The door to her own cell opened, and a guard in chainmail entered. He was wearing a tabard with the sigil of House Baratheon - Lord Stannis's branch, she noted out of reflex. He sneered at her and put down the bowl containing bread and some cheese, then pushed it towards her with so much force, a piece of bread fell out. He kicked that towards her as well.

She got up, and he tensed. It felt good to see that. But the chain that tied her ankle to the wall behind her wasn't long enough to let her reach him. Not even if she threw herself forward - she had measured the distance when she had been alone.

She grabbed the bowl and the bread from the floor and quickly started to eat before the guard could take it away.

"Should let you starve, you filthy murderer," the guard spat. "The Four Maidens are too kind. Far too kind."
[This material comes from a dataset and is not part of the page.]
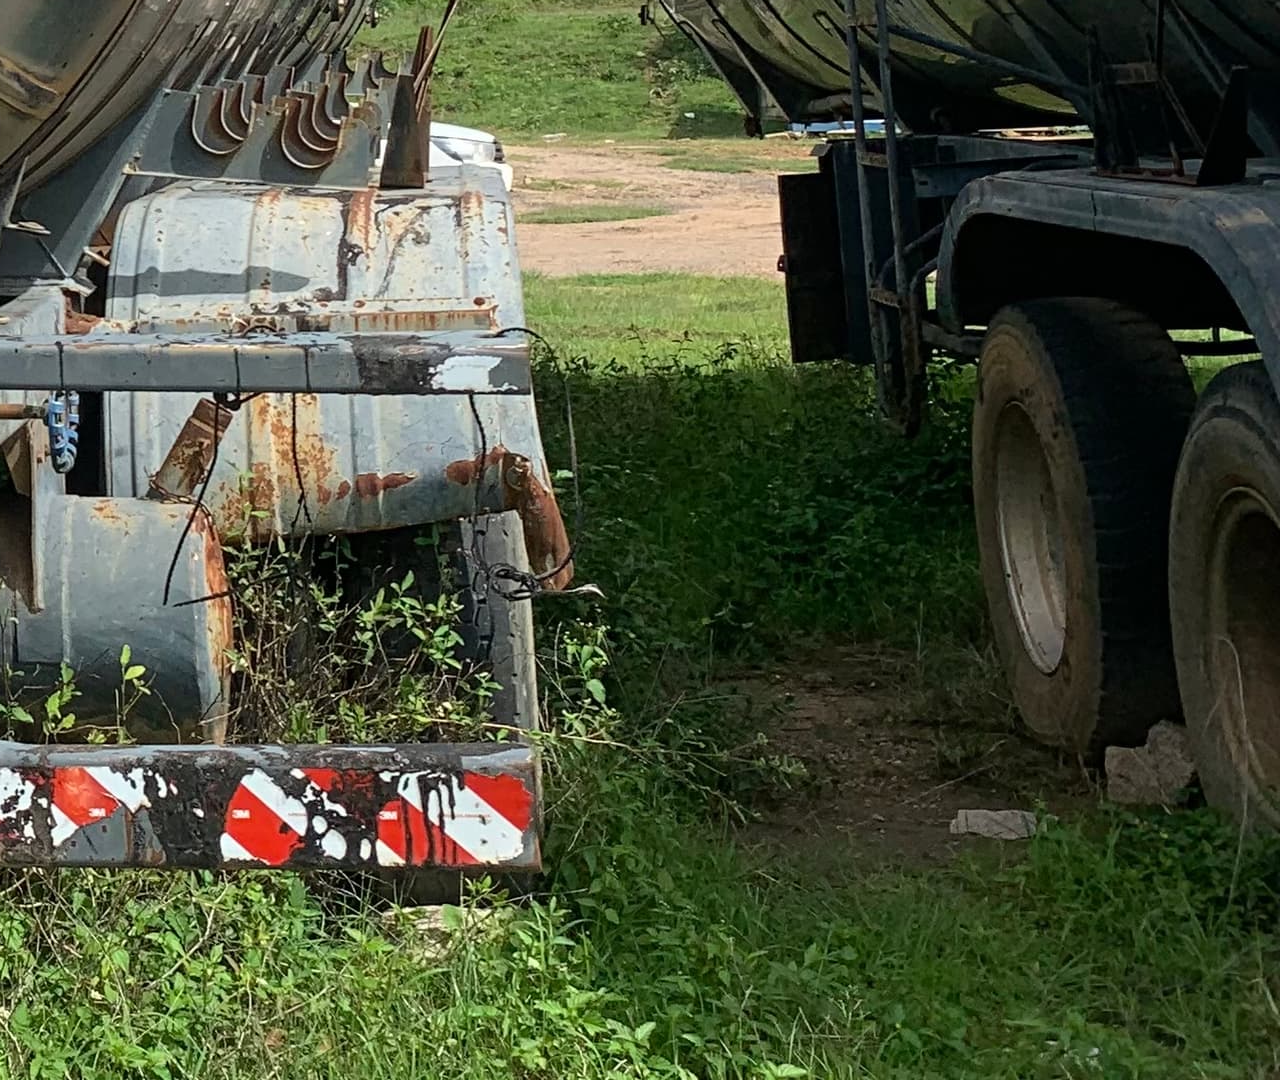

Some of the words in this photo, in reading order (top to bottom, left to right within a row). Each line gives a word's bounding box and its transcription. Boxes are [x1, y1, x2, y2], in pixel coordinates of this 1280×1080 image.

[88, 807, 106, 817] 3M
[232, 809, 250, 819] 3M
[379, 811, 397, 821] 3M
She shuddered. The witches were evil. Monsters that had bathed in the blood of countless children to toughen their skins and stay young. Lord Varys had told them so, and he knew all about magic.

Chewing, she looked at him. Maybe he would lose his temper and step too close? If she could get his dagger… If she cut his tendons, she might take him hostage.
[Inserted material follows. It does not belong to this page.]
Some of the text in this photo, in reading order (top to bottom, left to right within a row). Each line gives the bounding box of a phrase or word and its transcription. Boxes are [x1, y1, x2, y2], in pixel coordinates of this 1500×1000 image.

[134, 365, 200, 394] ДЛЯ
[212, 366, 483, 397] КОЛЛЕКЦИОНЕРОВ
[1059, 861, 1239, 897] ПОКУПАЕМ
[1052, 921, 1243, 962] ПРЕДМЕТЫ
He took a step closer, but not close enough and crouched down. "You burned my brother. He was in so much pain… I wanted to give him the Stranger's mercy. Kill my kin just so he wouldn't suffer anymore. The Maester tried to save him, but it only made him suffer longer, even with the milk of the poppy. The stench of his flesh… And you did that! You killed him!"

She hissed at him. His stupid brother had been guarding Lord Varys! She'd burn the entire city if it would save Lord Varys!

He made a weird noise, like a scoff and a sob mixed together. "My brother. Burnt to death by a filthy rat serving a traitor!" He wiped his eyes with his hand and glared at her.

Terese hissed again, wishing she could talk. Lord Varys was her family! He was the only one she had! And they had taken him from her! Of course, she would fight for him!

"And yet the Maidens spared you." He shook his head. "They are too kind for this world."

She glared at him, baring her teeth. They weren't kind! They were monsters! Evil witches who would kill Lord Varys for their power!

"Trying to curse me?" He laughed. "You need a tongue for that."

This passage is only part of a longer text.